With a great sigh, and yet with the tenseness gone from her eyes, she
slowly drew the veil up again till only her eyes were visible. "It is
well," she answered. "Now, I have heard that to-morrow night Prince Kaid
will sit in the small court-yard of the blue tiles by the harem to feast
with his friends, ere the army goes into the desert at the next sunrise.
Achmet is bidden to the feast."
"It is so, O beloved!"
"There will be dancers and singers to make the feast worthy?"

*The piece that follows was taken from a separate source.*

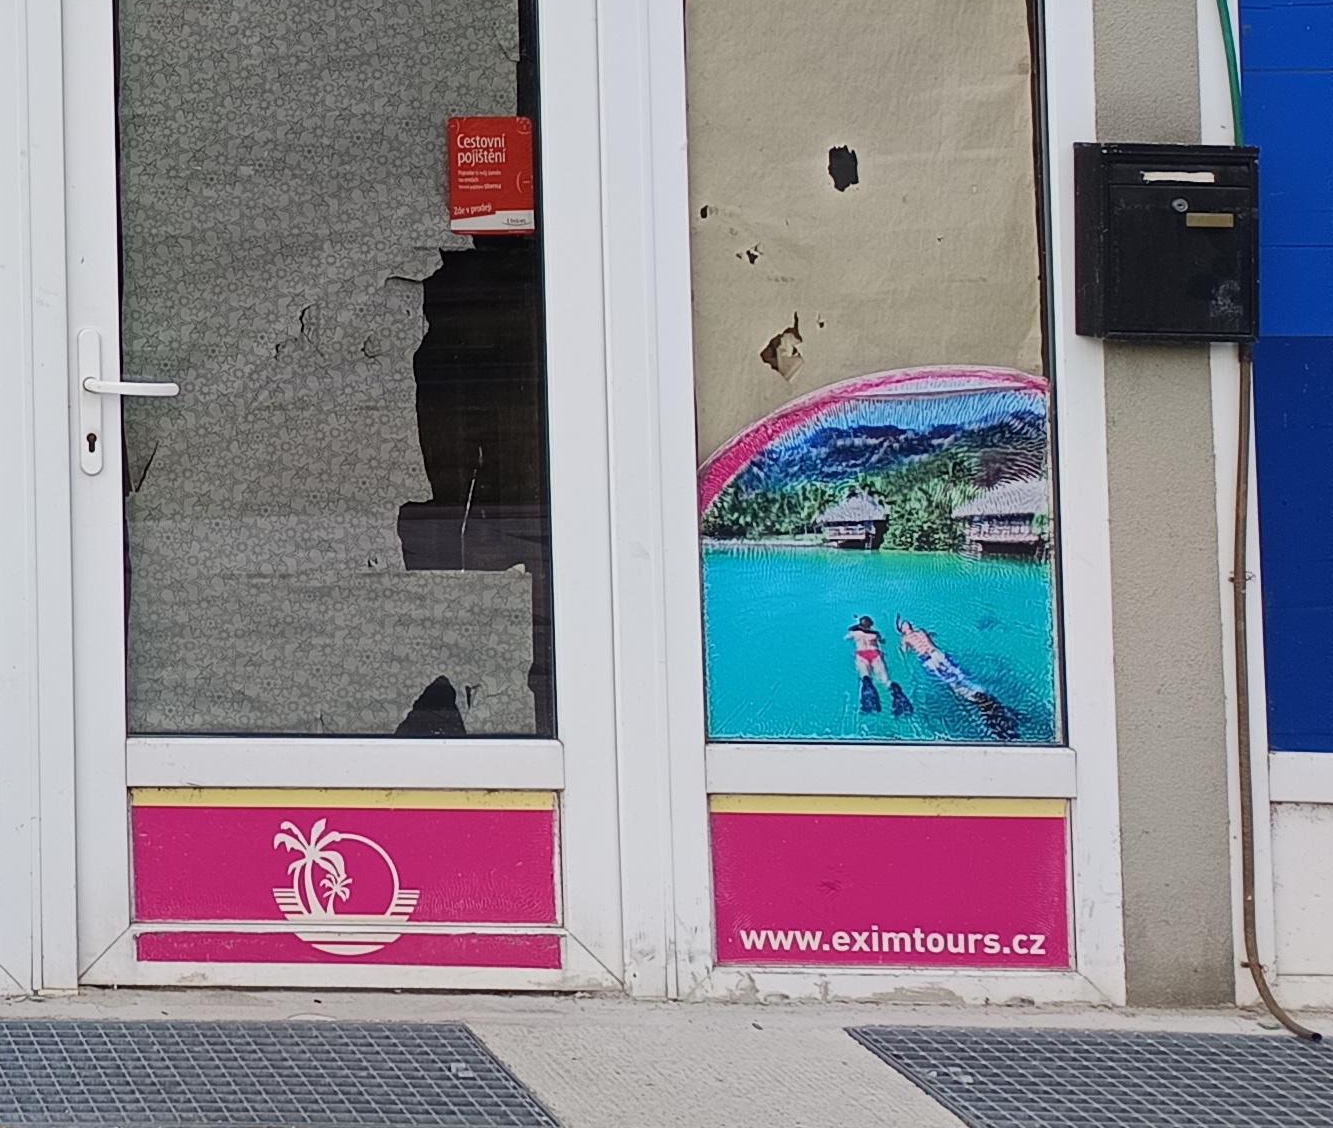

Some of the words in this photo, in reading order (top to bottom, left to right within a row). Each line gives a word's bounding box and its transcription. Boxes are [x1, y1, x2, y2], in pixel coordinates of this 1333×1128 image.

[456, 133, 505, 149] Cestovní
[457, 148, 506, 167] pojištění
[740, 924, 1046, 956] www.eximtours.cz

"At such a time it will be so."
"Then this thou shalt do. See to it that I shall be among the singers,
and when all have danced and sung, that I shall sing, and be brought
before Kaid."
"Inshallah! It shall be so. Thou dost desire to see Kaid--in truth, thou
hast memory, beloved."
She made a gesture of despair. "Go upon thy business. Dost thou not
desire the blood of Achmet and the bridge-opener?"
Mahommed laughed, and joyfully beat his breast, with whispered
exclamations, and made ready to go. "And thou?" he asked.
"Am I not welcome here?" she replied wearily. "O, my sister, thou art
the master of my life and all that I have," he exclaimed, and a moment
afterwards he was speeding towards Kaid's Palace.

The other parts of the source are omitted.